T hree months into our little mans life I thought I better sit myself down and get writing his birth story, for the sole reason that I think birth is amazing and I don’t ever want to forget a moment! As eye-watering as it is, I find it utterly incredible that we can grow humans inside our bodies and I will be forever in awe of the female body and what it can achieve! Plus this was a lockdown baby and so was a little special in its very own way. Pregnant through covid

But where do I start? Being pregnant through a global pandemic was definitely a unique experience and something I wont be forgetting in a hurry, so perhaps I should start from the beginning but skip through the months to make it snappy. pregnant through Covid

We found out we were pregnant with Dougie on the day Boris announced that pregnant people should be screening. I think this was a couple of days before full lockdown. I actually had no idea I was pregnant. We knew we wanted a third child but were going to leave it a little bit longer between Ollie and the next one because the two year gap between Ollie and Ettie had been pretty full on! (I can’t help laughing as I write that now). Anyway I wasn’t counting down the days to my period but I was roughly aware that I could be a couple of days late. I’d been for a day out into Lewes with Ettie and Ollie and kept thinking to myself how amazing it would be if I was actually pregnant because I wouldn’t have had any of the worry associated with ‘trying’ –  but realistically I thought I couldn’t be.  When Boris gave the news about pregnant people that evening, I remembered we had a couple of old tests sitting in the bathroom cupboard from when we were trying for Ollie, so I thought I’d take one, just to be on the safe side. I took it and came down to show Stu – but no lines appeared, not even the test line. Stu was convinced this meant it was negative, but realistically I knew the test hadn’t worked and I still had a ‘feeling’,  so I waited to do another the next morning. This time there was no mistaking it. I was pregnant at the start of a global pandemic!!

Pregnant Through Covid

I think I went into shock initially, not only because I wasn’t expecting it, but also because I wasn’t really sure what it all meant? Would it be ok to be pregnant through Covid 19? How risky would it be? Would my baby be affected? Was there a chance I could loose it? With all those thoughts running through my head,  I decided overnight that I was going to stay indoors for the next 12 weeks to be on the safe side, but when I started to tell people of my intentions, a few got suspicious. I was using the excuse that Stu was a plumber going in and out of peoples houses and so I wanted to reduce his risk of catching it – but when that excuse didn’t seem to be working, I just avoided speaking to people and silently stayed indoors whenever I could.
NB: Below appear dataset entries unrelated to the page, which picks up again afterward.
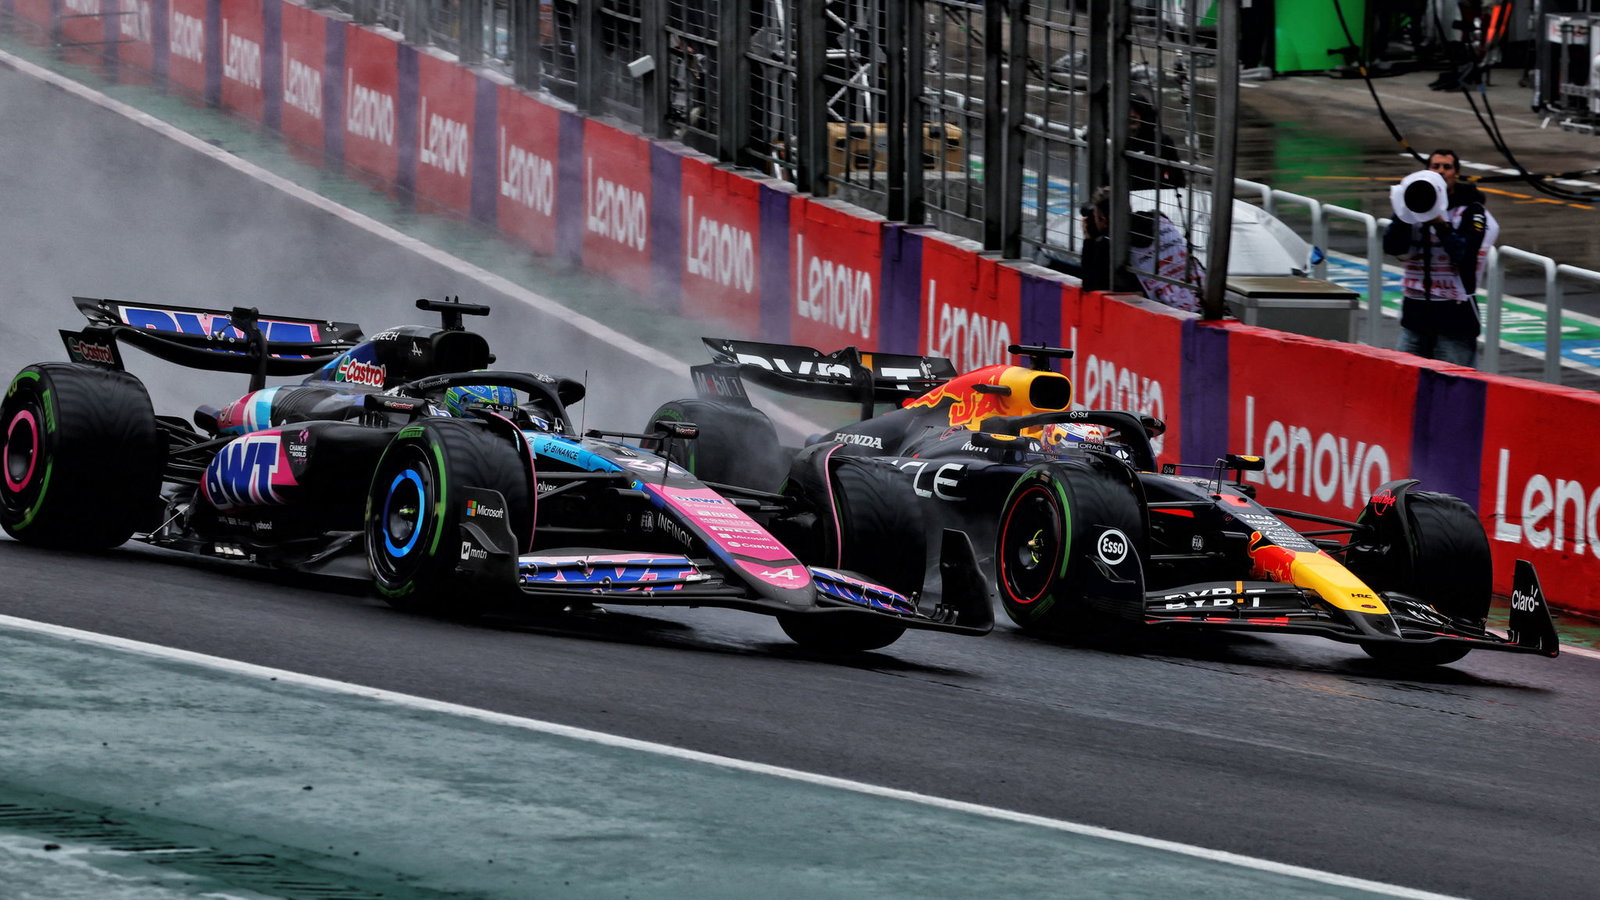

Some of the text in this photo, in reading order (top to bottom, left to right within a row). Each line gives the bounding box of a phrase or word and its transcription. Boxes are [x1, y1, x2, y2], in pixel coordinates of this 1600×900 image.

[222, 18, 261, 90] Lenovo
[283, 42, 322, 120] Lenovo
[347, 67, 394, 146] Lenovo
[420, 96, 468, 177] Lenovo
[500, 125, 553, 217] Lenovo
[587, 156, 646, 252] Lenovo
[687, 195, 753, 293] Lenovo
[797, 233, 872, 339] Lenovo
[79, 339, 115, 364] Castrol
[927, 279, 1011, 373] Lenovo
[346, 359, 386, 388] Castrol
[693, 371, 731, 397] Mobil
[551, 446, 579, 460] BINANCE
[833, 432, 884, 450] HONDA
[1245, 395, 1391, 510] Lenovo
[204, 437, 281, 507] BWT
[476, 504, 504, 519] Microsoft
[657, 512, 694, 550] INFINOX
[470, 548, 488, 559] mntn
[741, 541, 781, 551] Castrol
[1102, 537, 1124, 555] Esso
[1511, 589, 1536, 612] Claro
After a week of staying indoors I realised how hard it was going to be – especially with two children under four!! The house was getting destroyed and my energy was depleting fast!! One of reasons I hadn’t thought I wasn’t pregnant was because I wasn’t experiencing any symptoms. I felt tired with Ollie very early on, and so i thought that would be a sure sign if I was – so when I felt OK this time, I just assumed I couldn’t be pregnant. But oh my goodness I was wrong about that!!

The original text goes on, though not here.